À 13 heures, le gouvernement annonce l’interdiction des rassemblements de plus de 100 personnes. Nous avions un concert prévu à 20 heures avec la fine fleur de la musique baroque, l’Ensemble Correspondances, dirigé par Sébastien Daucé. Un ensemble qui avait donc déjà engagé des dépenses importantes pour cette représentation. Or le décret gouvernemental n’est effectif que lorsqu’il paraît au journal officiel, soit le 14 mars à minuit.

Mais j’ai tout de même pris la décision d’annuler l’événement, une décision que je ne regrette pas a posteriori. La chapelle est alors devenue une belle endormie.

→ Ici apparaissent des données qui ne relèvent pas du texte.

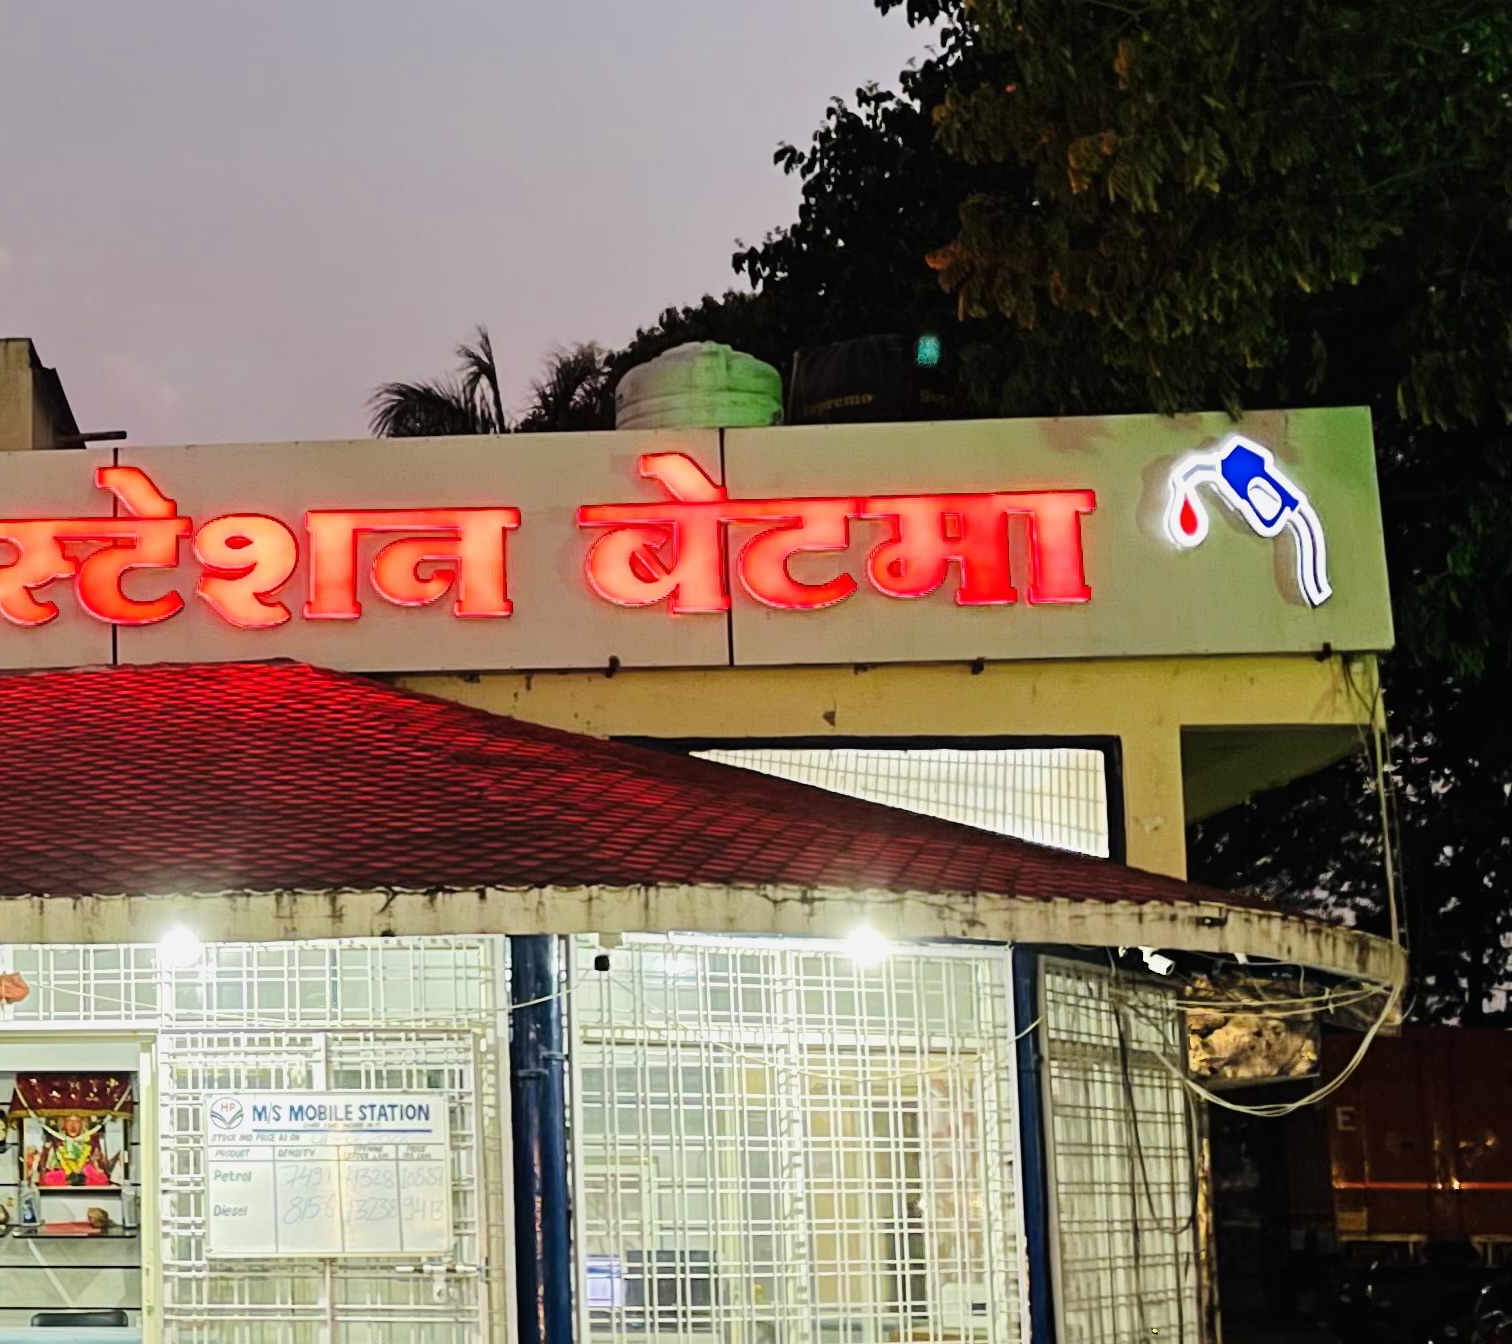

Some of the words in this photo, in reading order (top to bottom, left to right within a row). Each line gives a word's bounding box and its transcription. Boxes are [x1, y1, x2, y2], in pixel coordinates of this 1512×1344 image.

[577, 452, 1096, 614] बेटमा
[220, 1102, 236, 1112] HP
[289, 1104, 353, 1122] MOBILE
[358, 1104, 430, 1122] STATION
[211, 1134, 236, 1142] STOCK
[215, 1148, 251, 1158] PRODUCT
[278, 1148, 315, 1157] DENSITY
[214, 1169, 252, 1182] Petrol
[213, 1204, 248, 1217] Diesel

Une chute de 28% dans le budget annuel

L’impact économique est considérable.

On a calculé une différence de 28% entre le budget qui aurait dû être réalisé et le budget réalisé qui se termine le 30 juin. 42 dates ont été annulées entre le 13 mars et le 30 juin : les représentations produites par Les Grands Concerts, les concerts que l’on accueille en coproduction, comme Candlelight, ou encore les activités réceptives de la chapelle ; on devait notamment recevoir des événements des Quais du polar, mais aussi des Nuits de Fourvière (ndlr : la billetterie représente 65% de leur budget).

Au total, ce sont 18 000 personnes qui n’ont pas pu être accueillies. C’est un coup dur… D’autant plus que c’est un temps fort de notre saison.

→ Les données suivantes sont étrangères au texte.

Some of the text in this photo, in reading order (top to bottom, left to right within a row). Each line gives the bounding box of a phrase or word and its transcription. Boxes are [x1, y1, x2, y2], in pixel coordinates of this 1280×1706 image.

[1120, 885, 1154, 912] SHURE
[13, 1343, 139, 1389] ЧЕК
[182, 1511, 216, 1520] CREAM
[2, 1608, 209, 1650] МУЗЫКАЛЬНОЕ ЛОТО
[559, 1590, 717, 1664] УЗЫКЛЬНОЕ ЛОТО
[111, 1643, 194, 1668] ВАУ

La Chapelle de la Trinité, en plein cœur de la presqu’île, est devenue l’écrin lyonnais de la musique baroque.

Et nos dates de juillet et août ont également été annulées. C’est dommage, parce que c’était la première année que l’on avait des activités ouvertes au public l’été. Mais nous survivrons, grâce à notre gestion très saine. J’ai bâti les Grands Concerts il y a 38 ans, on peut dire aujourd’hui qu’ils sont très solides.

Maintenant nous travaillons sur notre prochaine programmation, qui devrait être communiquée le 24 juin. La billetterie ne sera ouverte qu’en septembre, car on ne veut pas risquer une fausse manœuvre. Je ne pense pas que le public soit assez serein pour reprendre les abonnements. C’est un peu hors de propos. Notre programmation sera donc légèrement décalée, et sera ouverte dès la deuxième quinzaine de novembre au lieu de début octobre en temps normal.

Durant le confinement, nous avons demandé à nos clients par mail « Quand envisagez-vous de revenir assister à un concert à la Chapelle ? », avec trois choix possibles : novembre, janvier ou plus tard. Une écrasante majorité, à 80%, a répondu en « novembre », puis 10% respectivement pour « janvier » et « plus tard ».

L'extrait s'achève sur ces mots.